Siham Sergiwa, una componente della Camera dei Rappresentanti di Tobruk – il Parlamento riconosciuto dall’Onu ma non sempre in linea con il premier al-Sarraj –, ha dichiarato di aver fatto consegnare una cospicua cifra proveniente da donazioni italiane «per pagare gli stipendi ai dipendenti dell’ospedale di Bengasi e per alcuni ufficiali militari». Anche Bashir Ibrahim, portavoce dell’autoproclamata 'Brigata Anas al Dabashi', ha confermato che insieme alla 'Brigata 48' la milizia ha aderito «a un accordo verbale» tra il governo italiano e il governo «per combattere il traffico di persone». Una volta «ottenute rassicurazioni », i paramilitari hanno impedito ai gommoni di lasciare Sabratha. In cambio, le brigate riceveranno non meglio specificate «attrezzature, barche e stipendi».
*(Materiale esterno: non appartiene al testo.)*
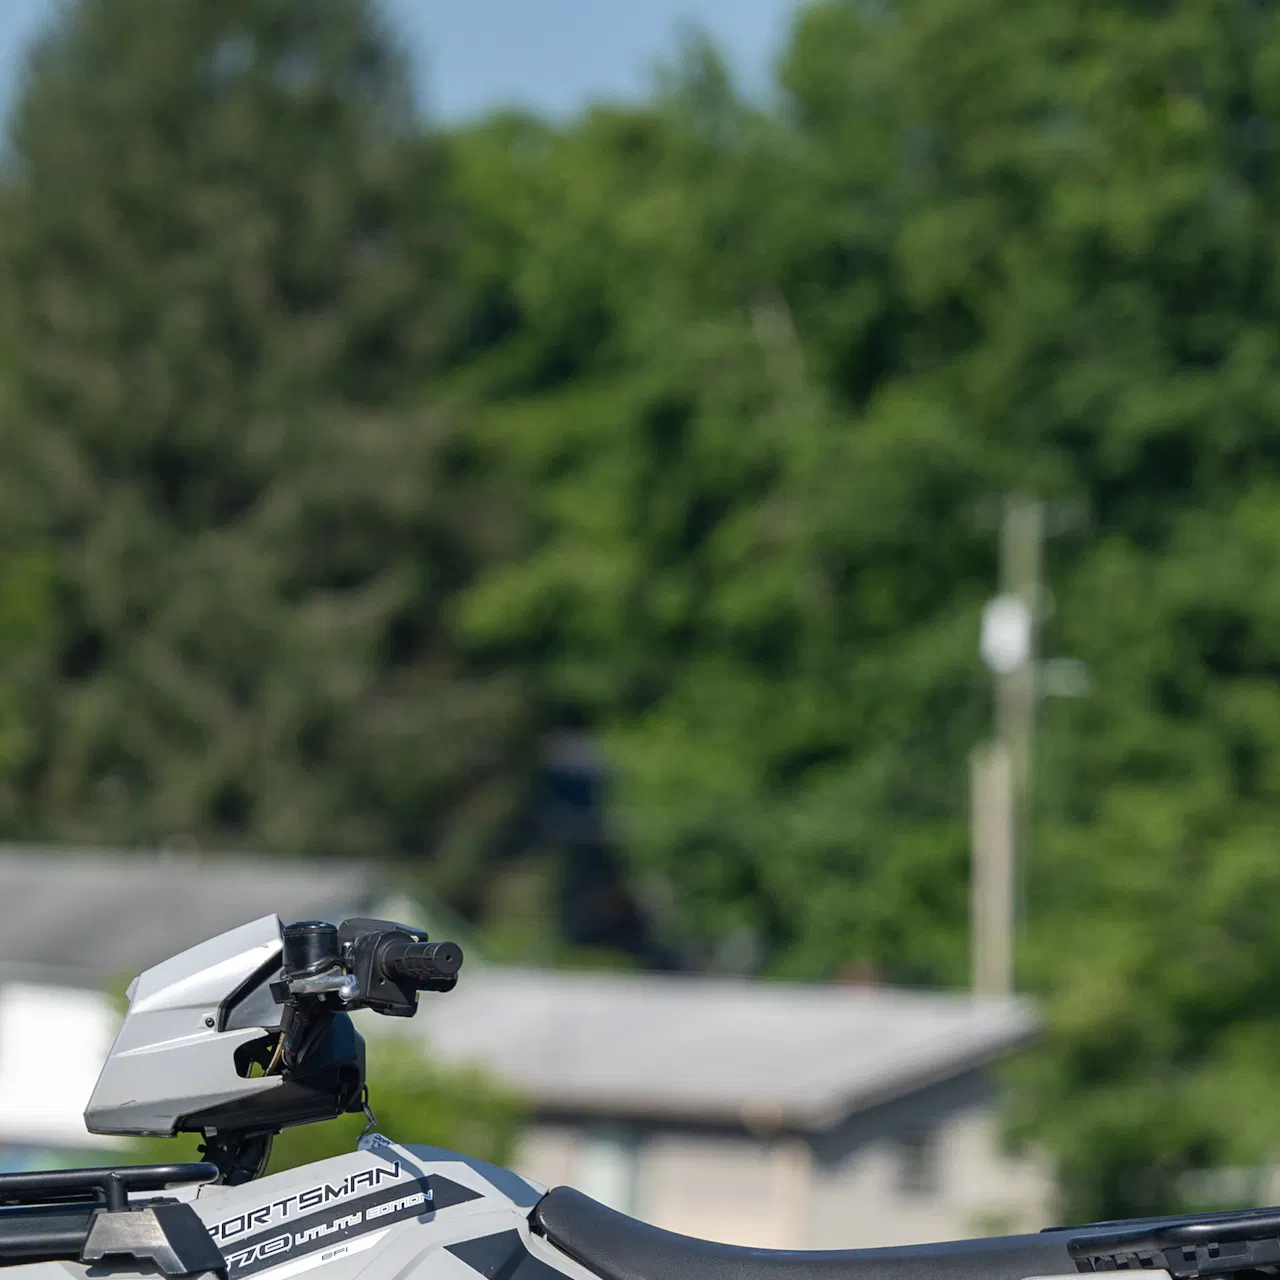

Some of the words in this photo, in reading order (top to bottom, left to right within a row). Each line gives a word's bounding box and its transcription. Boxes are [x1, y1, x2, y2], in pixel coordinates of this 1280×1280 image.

[224, 1233, 292, 1271] 70
[295, 1211, 363, 1245] UTILITY
[366, 1189, 434, 1220] EDITION
[321, 1246, 349, 1261] EFI
Il problema sembra essere il controllo sulla reale destinazione finale degli stanziamenti italiani ed europei. In Libia tutti si attendono di ricevere anche i 40 milioni di euro dal 'Trust fund Africa' promessi da Bruxelles per progetti sul posto. Secondo fonti d’intelligence italiana, il rischio di 'somalizzare' la regione appaltando alle controverse forze locali il controllo delle frontiere sud dell’Europa è molto alto: «La Libia non è la Turchia. Piaccia o no l’accordo con Erdogan, lì c’è un governo forte e un solo interlocutore, in Libia no».
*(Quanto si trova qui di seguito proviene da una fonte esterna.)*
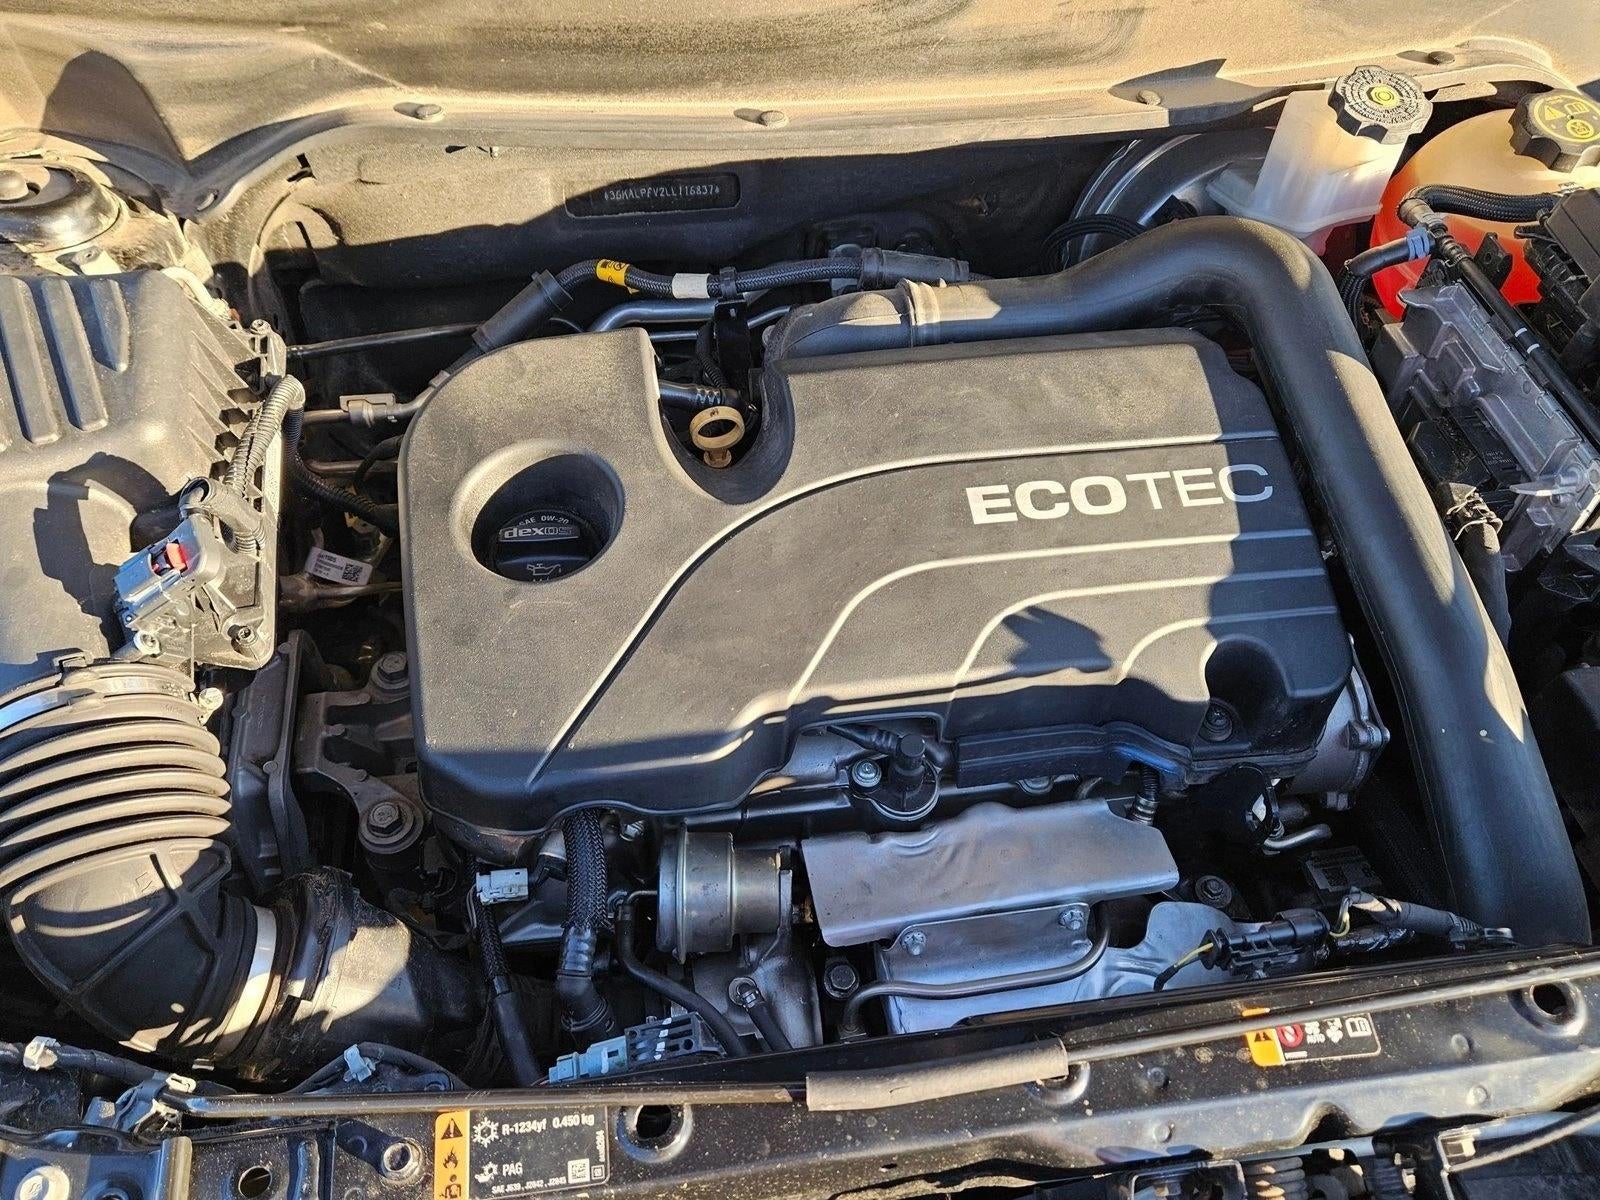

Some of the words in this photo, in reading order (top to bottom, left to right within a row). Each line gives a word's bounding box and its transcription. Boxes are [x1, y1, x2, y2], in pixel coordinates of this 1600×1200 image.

[965, 463, 1274, 525] ECOTEC
[502, 1118, 546, 1136] R-1234yf
[552, 1114, 580, 1129] 0.450
[580, 1113, 595, 1127] kg
[502, 1162, 523, 1177] PAG
Un’intesa per la spartizione della torta non c’è ancora. Il segnale è arrivato da Zawya, cinquanta chilometri ad est di Tripoli, sulla strada per Sabratha, la capitale degli scafisti. Tre campi petroliferi hanno sospeso il pompaggio a causa dell’occupazione degli impianti da parte di milizie armate. Secondo l’ente statale per il petrolio (Noc), la produzione è ridotta al minimo e due oleodotti sono stati chiusi. Un vero salasso per le casse del governo al-Sarraj. Diverse fonti hanno confermato ad Avvenire che a fermare l’estrazione è stato il capo della Libyan Petroleum Facilities Guard, milizia para-statale che dovrebbe proteggere i siti dell’oro nero, e che secondo gli investigatori Onu «risulta coinvolta nell’approvvigionamento di carburante per i trafficanti». Il comandante è Mohamed Koshlaf, noto per a- ver stipato migliaia di migranti nei magazzini delle raffinerie, mentre suo fratello, Walid Koshlaf, si occupa degli aspetti finanziari. Alla media di 1.000 euro estorti a ciascun profugo per raggiungere l’Europa, la filiera del traffico di esseri umani ha viaggiato al ritmo di 100 milioni di euro all’anno solo in Libia. Senza un vero piano di stabilizzazione e sviluppo, con al centro i diritti umani dei migranti, «è possibile anche che lo scenario muti – osserva una importante fonte diplomatica italiana – nel senso che i punti di partenza e le rotte potrebbero destabilizzare Paesi confinanti, come la Tunisia e il Marocco, che nelle zone di confine vivono conflitti a bassa intensità».

La Libia resta in guerra. Le milizie fedeli al governo di Sarraj lamentano scarsità di mezzi, mentre gli scontri sono tornati alle porte della capitale. Il generale Najmi Nakoa, a capo della Guardia Presidenziale, ha confermato che «alcune unità» ai suoi comandi «si sono messe a disposizione del ministero degli Interni» per mantenere la sicurezza e «risolvere il conflitto nel quartiere Souq Khamis», un sobborgo strategico a sud di Tripoli, sulla strada per l’aeroporto internazionale rimasto chiuso in seguito ai bombardamenti e in via di ricostruzione da parte di un consorzio italiano. Nelle stesse ore un’autobomba è esplosa contro un posto di blocco, uccidendo alla viglia dell’Hajd, la grande festa del sacrificio, quattro miliziani del generale Haftar. Dall’Italia, intanto, il ministro della Difesa, Roberta Pinotti, parlando della missione del nostro Paese nelle acque libiche, ha detto che «non è assolutamente una missione che deve ledere la sovranità libica».